Le cru 2018 sera une fois encore de qualité, avec notamment la présence de la chanteuse angolaise Aline Frazão, qui viendra présenter son nouvel album, ou encore du poète et parolier Vitor Ramil, aussi à l’aise en portugais qu’en espagnol. L’accordéoniste virtuose João Barradas et la chanteuse de fado Cristina Branco (lire ci-dessous) figurent aussi au menu. Il reviendra d’ailleurs à cette dernière de clore le chapitre de cette 3e édition marquée également par une soirée spéciale consacrée aux saveurs et aux danses du Cap-Vert. Voilà qui promet d’être alléchant !
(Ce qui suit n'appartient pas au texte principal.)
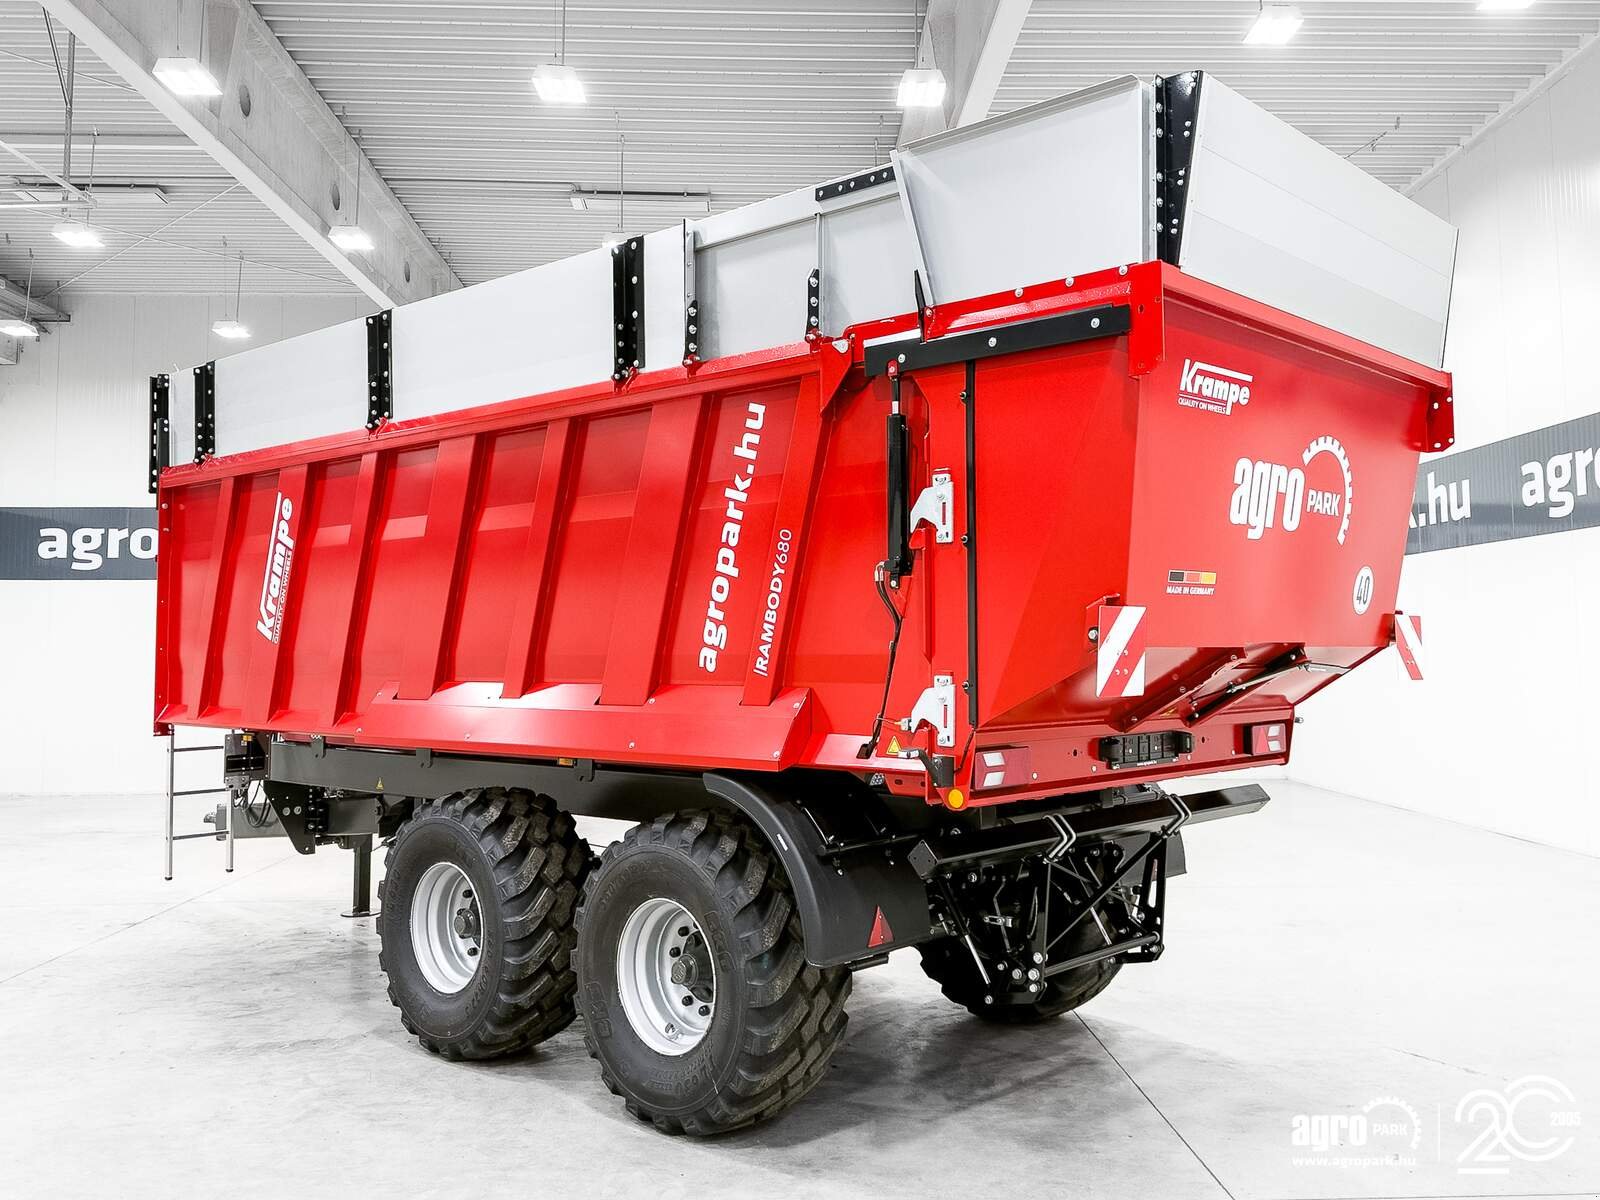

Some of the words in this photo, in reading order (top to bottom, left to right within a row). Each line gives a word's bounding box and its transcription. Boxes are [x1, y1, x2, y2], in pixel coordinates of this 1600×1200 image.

[1177, 396, 1200, 408] QUALITY
[1199, 402, 1208, 411] ON
[1207, 404, 1226, 415] WHEELS
[1179, 358, 1253, 416] Krampe
[1229, 456, 1306, 540] agro
[1306, 488, 1342, 516] PARK
[37, 526, 158, 571] agro
[698, 402, 766, 673] agropark.hu
[256, 491, 295, 642] Krampe
[1166, 586, 1182, 594] MADE
[1189, 586, 1215, 596] GERMANY
[1355, 575, 1370, 604] 40
Du 9 au 14 octobre à la Philharmonie Luxembourg
www.philharmonie.lu

À LA PERFECTION

Joao Barradas © Alfredo_Matos

Les amateurs d’accordéon ne devraient pas bouder leur plaisir le 12 octobre dans la Salle de musique de chambre de la Philharmonie Luxembourg. L’artiste qui se produira sur scène a beau n’avoir que 26 ans, il traîne déjà derrière lui une belle carrière, auréolée d’une solide réputation. On parle de João Barradas, un des accordéonistes européens les plus en vue, dont la musique navigue entre classique, jazz et improvisation. Doté d’une technique exemplaire, ce virtuose né à Porto Alto au Portugal a remporté quelques concours internationaux prestigieux – dont le World Accordion Trophy à deux reprises – et travaillé avec des musiciens et compositeurs de renom, tels que Mike Stern, Mark Turner, Pedro Carneiro ou encore le saxophoniste Greg Osby. Ce dernier a produit son premier album, Directions, sorti en 2016 sur le label new-yorkais Inner Circle Music. Il sera par ailleurs l’invité spécial du trio mené par Barradas lors de la soirée luxembourgeoise.
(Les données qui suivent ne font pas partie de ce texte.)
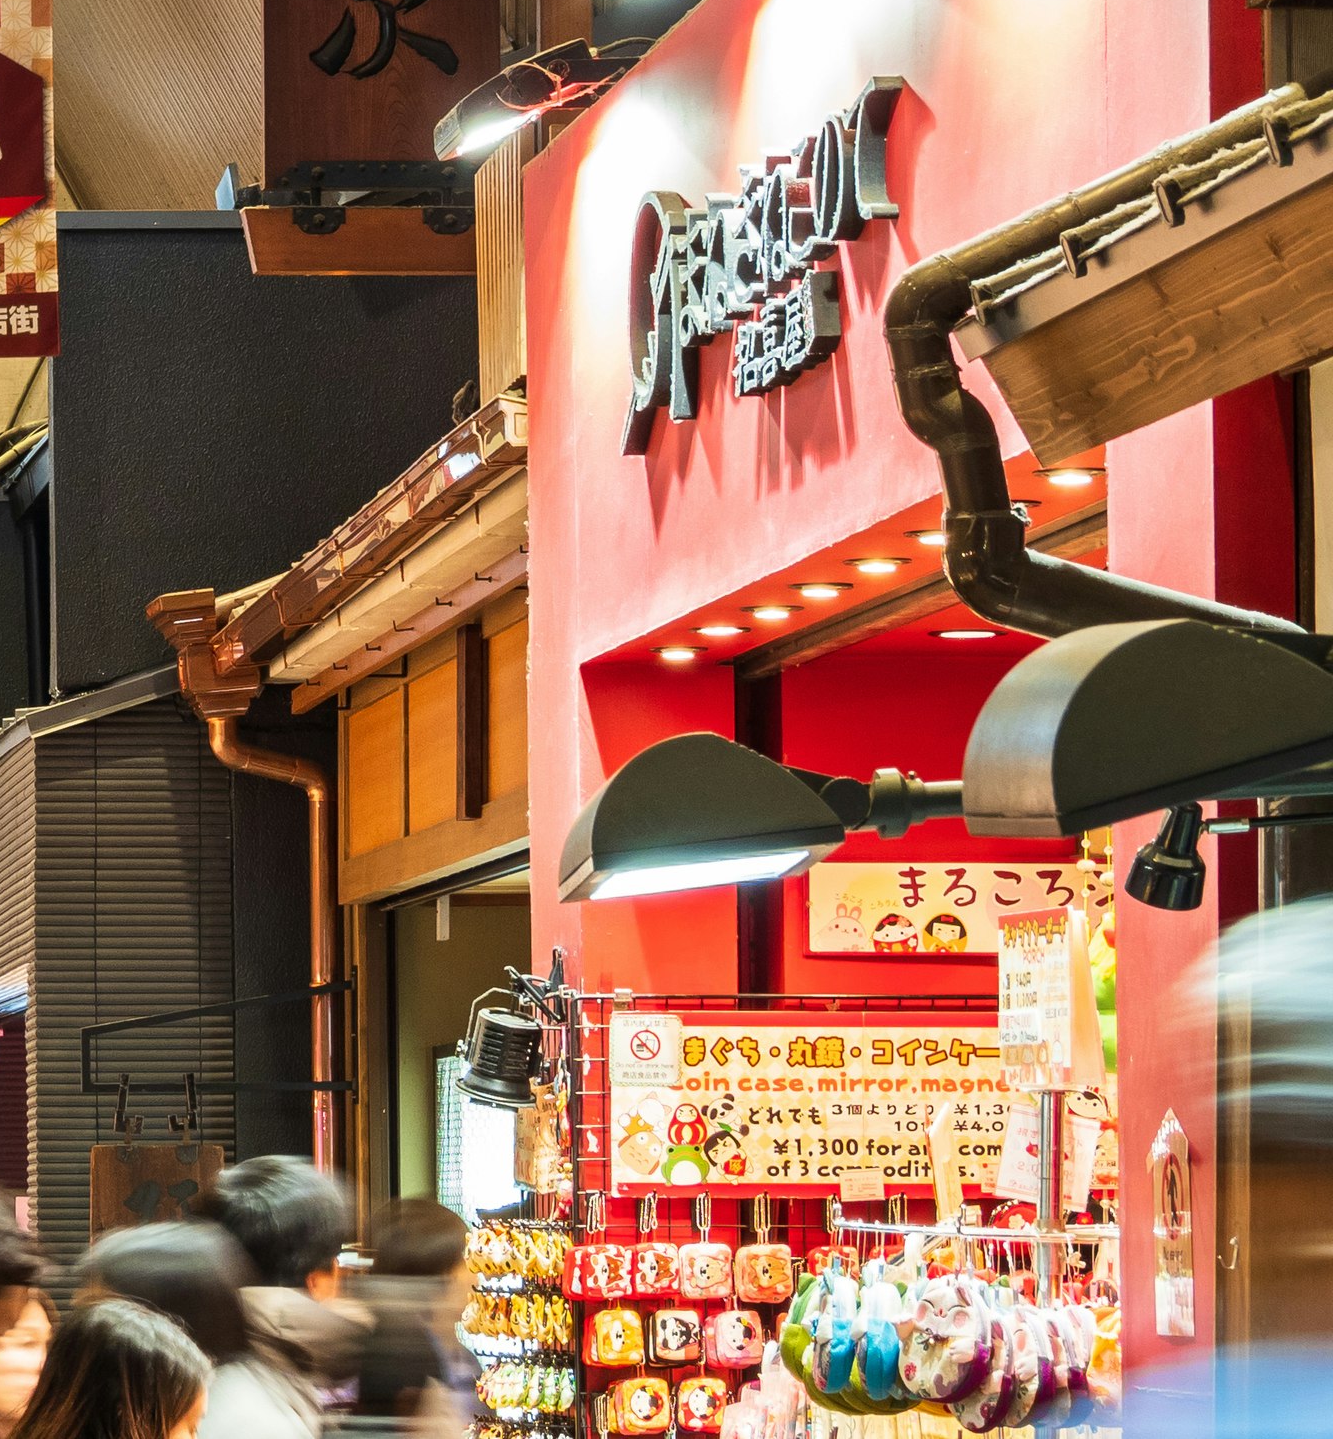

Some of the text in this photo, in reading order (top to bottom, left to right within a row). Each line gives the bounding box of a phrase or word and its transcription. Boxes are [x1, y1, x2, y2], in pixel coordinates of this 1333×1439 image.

[748, 1107, 823, 1126] どれでも
[773, 1138, 859, 1159] ¥1,300
[865, 1138, 902, 1156] for
[767, 1160, 792, 1179] of
[801, 1160, 810, 1178] 3
Le vendredi 12 octobre à 20h, Salle de musique de chambre

DIGNE HERITIERE

Cristina Branco © Joana Linda

Viscéralement attaché à la culture portugaise, le fado compte quelques ambassadrices de talent depuis la disparition d’Amalia Rodrigues. C’est justement un disque de cette icône de cette musique traditionnelle qui est à l’origine de la carrière artistique de Cristina Branco. Celle qui se destinait au métier de journaliste a ressenti comme un coup de foudre lorsque son grand-père lui a offert l’album Rara e Inédita. Elle avait 18 ans. Aujourd’hui, difficile de ne pas citer son nom quand on aborde le fado, un genre qu’elle s’est attachée à renouveler en s’ouvrant à d’autres sonorités, comme le tango (par exemple sur son album Fado tango), le jazz ou encore la chanson française et afro-cubaine. Lauréate du prix du meilleur album pour Menina, remis par la Société portugaise des auteurs en 2017, Cristina Branco a sorti un nouvel opus en début d’année, qui porte simplement son nom.

Le public luxembourgeois sera sans doute conquis par le répertoire raffiné de cette artiste qui a toujours su très bien s’entourer, que ce soit pour les textes de ses morceaux que leurs mélodies.